Conversion rate, however, isn’t as monolithic as it might seem. Transactions counts are about as reliable as possible, but they need to be scaled against a metric that represents actual opportunities, and not every visit to your site represents an actual opportunity.
It’s been nearly 10 years since the first iPhone was introduced, initiating the smartphone revolution. And these days, it isn’t unreasonable to expect a single person to visit your site multiple times from different devices–a desktop, a tablet, and mobile–yet conversion rate is still calculated by a single visit, diluting a website’s actual success. Industry standards are stubborn.
Not Every Site Visit is Equal
As a business strategist who specializes in helping companies we partner with figure out how to best use the data they have to measure the success of their projects, my experience has taught me that not every site visit is equal.

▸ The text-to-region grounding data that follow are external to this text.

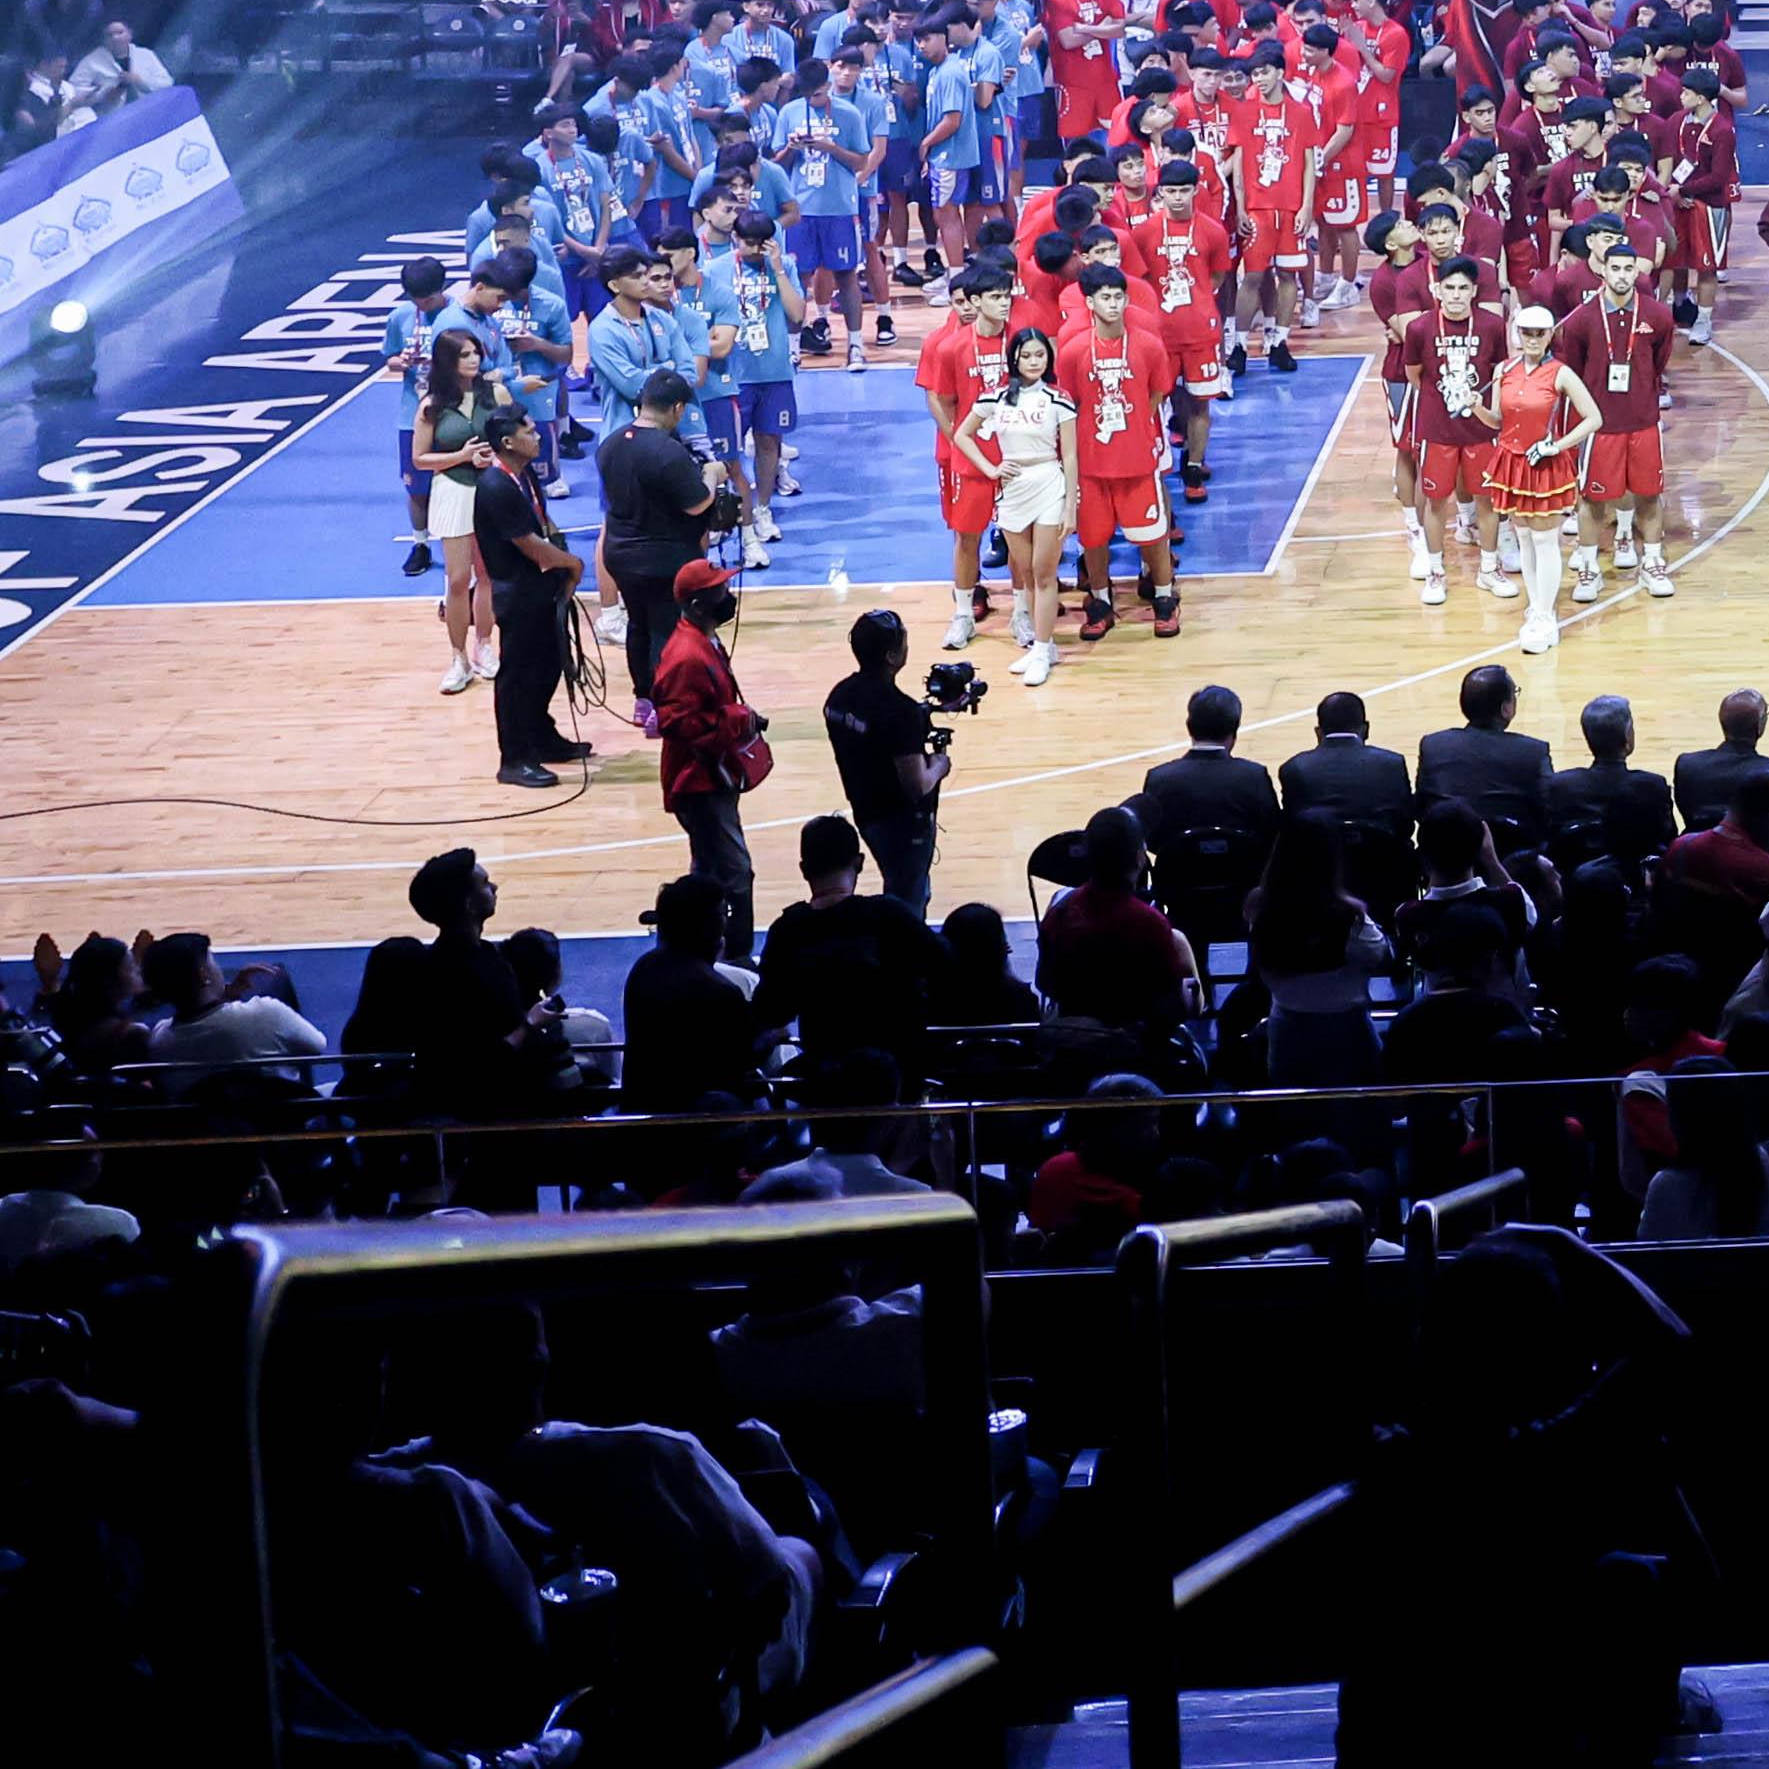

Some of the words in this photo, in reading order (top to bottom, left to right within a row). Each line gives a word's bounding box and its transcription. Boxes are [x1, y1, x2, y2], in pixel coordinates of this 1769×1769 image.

[1372, 149, 1389, 160] 24
[1326, 199, 1344, 210] 41
[1200, 362, 1219, 378] 19
[779, 410, 790, 426] 8
[0, 395, 330, 524] ASIA
[1145, 505, 1159, 520] 4

For one website it may be that one customer visits a site multiple times: once to figure out store hours, another to compare product features, and another to do a last-minute price comparison. Meanwhile, another website may have no physical stores and may only sell one product, so their customer will exhibit very different behavior, and may require less visits before they actually purchase. For these two websites, conversion rates are going to look very different. Visits that are part of a customer journey (ie. price comparisons or finding store locations) are not the same as a missed opportunity. Rather, they are a part of a customer journey. In context, even a bounced visit (a visit including only one page) can have an important place in a customer journey.

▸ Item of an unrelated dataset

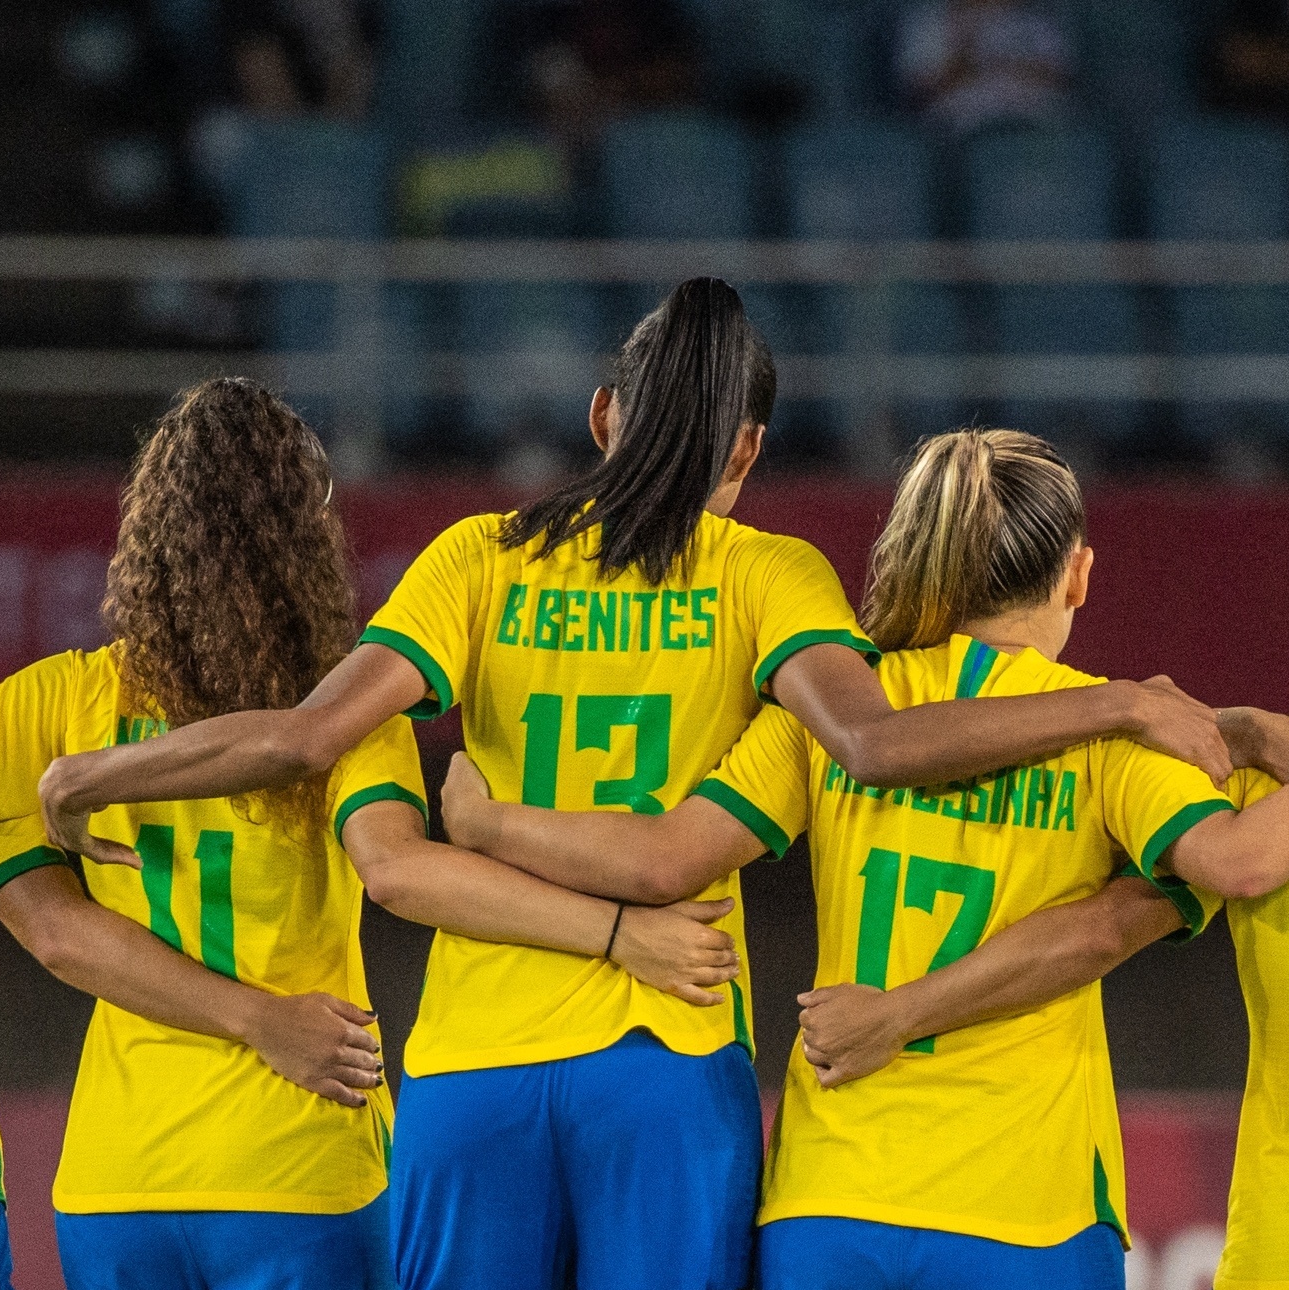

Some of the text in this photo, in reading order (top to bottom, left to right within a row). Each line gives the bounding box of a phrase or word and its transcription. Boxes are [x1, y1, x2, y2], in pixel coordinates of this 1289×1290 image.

[497, 583, 718, 652] B.BENITES
[520, 693, 673, 816] 13
[134, 823, 241, 982] 11
[855, 847, 996, 1054] 17

With all of the data we are able to gather about customers nowadays, and with everything we know about the bifurcated ways people shop, the time is ripe to not only design experiences that are customer centric, but to ensure the way we measure success in ecommerce is equally as customer centric.
The Customer Conversion Rate
I’m not the first to recommend this shift. Matt Lawson, Managing Director of Ads and Marketing at Google, recently wrote) about the need for companies to start focusing on customers for advertising, while Avinash Kaushik, author and digital marketer, has long recommended a move away from visit-based metrics to visitor-based metrics. Evaluating conversion rate as transactions per visitor (as opposed to visit) helps companies align performance with how a customer experiences their site. This is called the Customer Conversion Rate.

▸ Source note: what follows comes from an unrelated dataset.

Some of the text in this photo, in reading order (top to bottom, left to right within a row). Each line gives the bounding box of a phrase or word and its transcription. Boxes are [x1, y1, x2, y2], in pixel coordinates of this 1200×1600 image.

Cake & Arrow was born out of the philosophy of human-centered design. Human-centered design is about starting with the person–understanding their needs, their behaviors, and their desires–and designing solutions and products tailored to these needs. And if we are designing with the human experience in mind, why are we not also evaluating the success of our designs using this same standard?
When designing ecommerce experiences, we are always designing along the customer journey–the journey a customer takes to get from awareness through to an actual purchase. This journey is different for every company we work with, and will look different for different customers. One way to approach the issue of conversion rate is to also measure performance along these journeys. Below I have outlined 3 generic types of journeys–the long, the medium, and the short–to illustrate how the customer conversion rate might be applied to each.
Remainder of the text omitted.